Peter Schumann, who turns 92 in June, is still going strong.
And on Sunday, May 3rd, this artist's indomitable spirit will be celebrated with the world premiere at the Highland Center for the Arts in Greensboro, Vermont of An Artist Responds to War, a 45-minute documentary about Schumann's refocusing of his paintings and puppets to protest the conflict in Gaza.
The film was made by Robbie Leppzer, who has also been at work for years on a separate feature-length documentary about Schumann's Bread and Puppet Theater in Glover, Vermont. Leppzer, along with Schumann's daughter Maria and others, will take part in a post-screening Q&A moderated by Reverend Ed Sunday-Winters, pastor of the Greensboro United Church of Christ.

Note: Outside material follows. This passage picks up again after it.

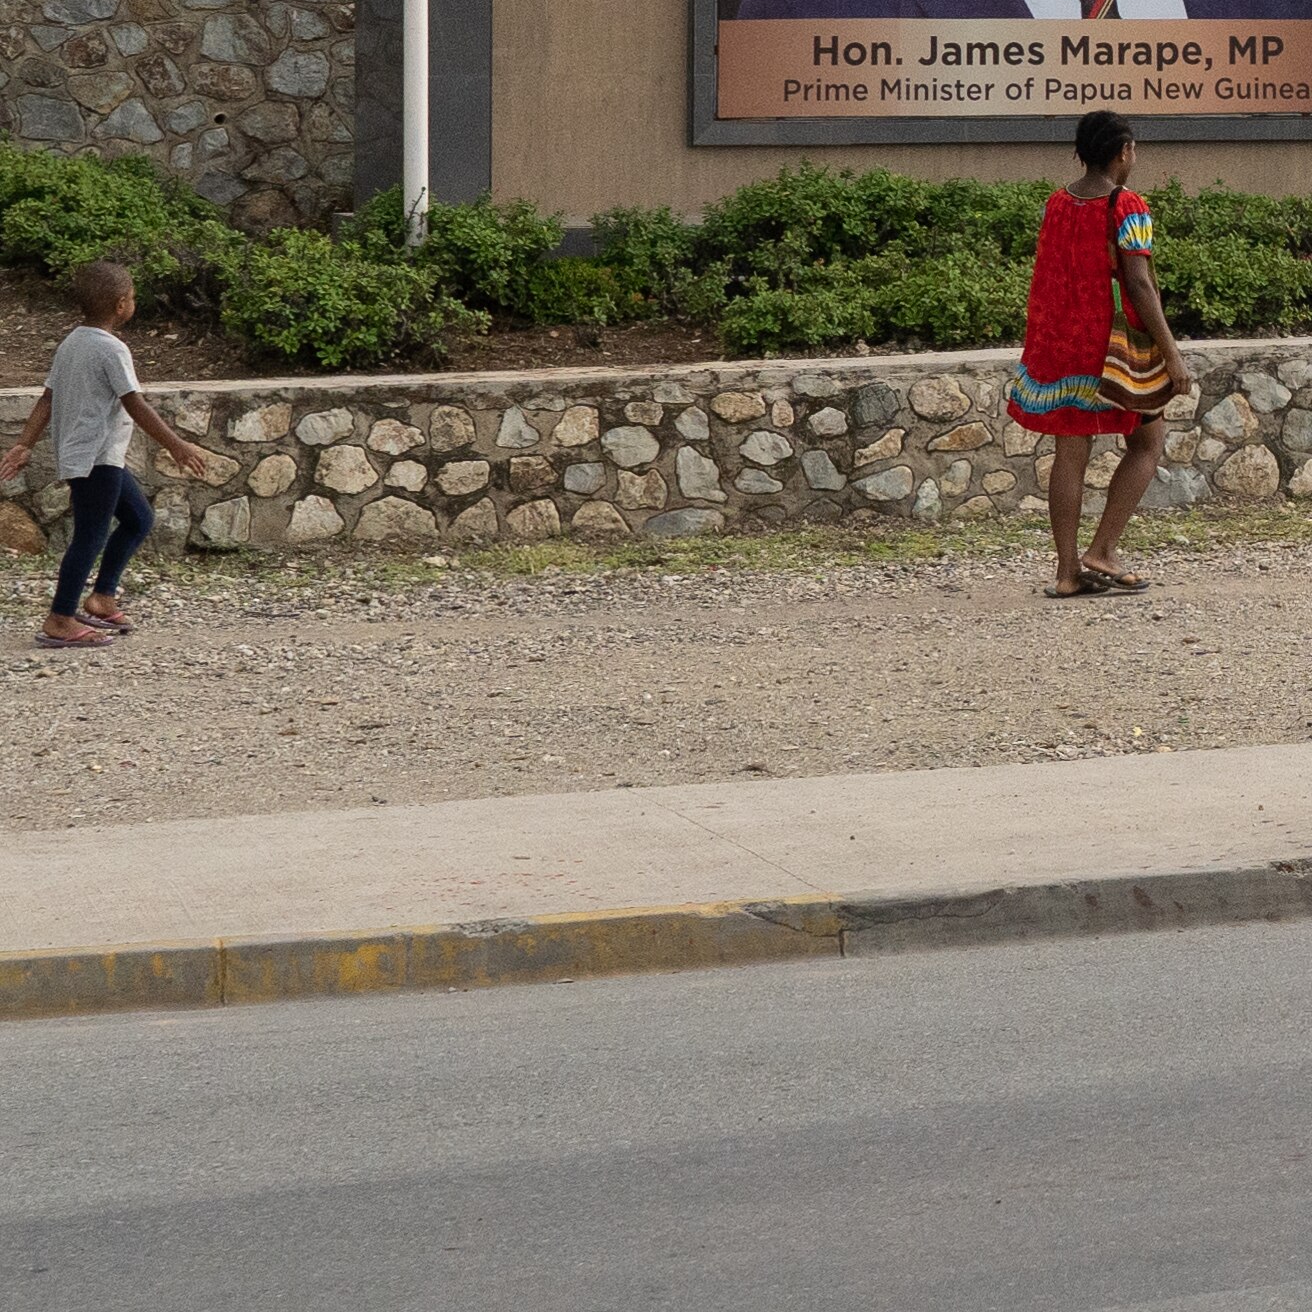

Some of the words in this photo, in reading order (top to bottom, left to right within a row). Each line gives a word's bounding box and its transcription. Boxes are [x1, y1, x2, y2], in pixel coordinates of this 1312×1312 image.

"We don't actually see any documentary footage of Gaza in the film," Leppzer explained in an interview with Seven Days. "We only see Gaza through the paintings and theater productions of Schumann."
"At some of the work-in-progress screenings, people told me that they often get overwhelmed by the actual news footage of the devastation in Gaza," he continued. "But watching Peter's paintings in my film allowed them to open up their hearts and actually feel deep grief."
The film also retraces how Schumann fled Nazi Germany with his family in 1944, met his wife in Munich a decade later and move to the United States in the 1960s. An Artist Responds to War will have a subsequent virtual world premiere May 12th on the platform Kinema.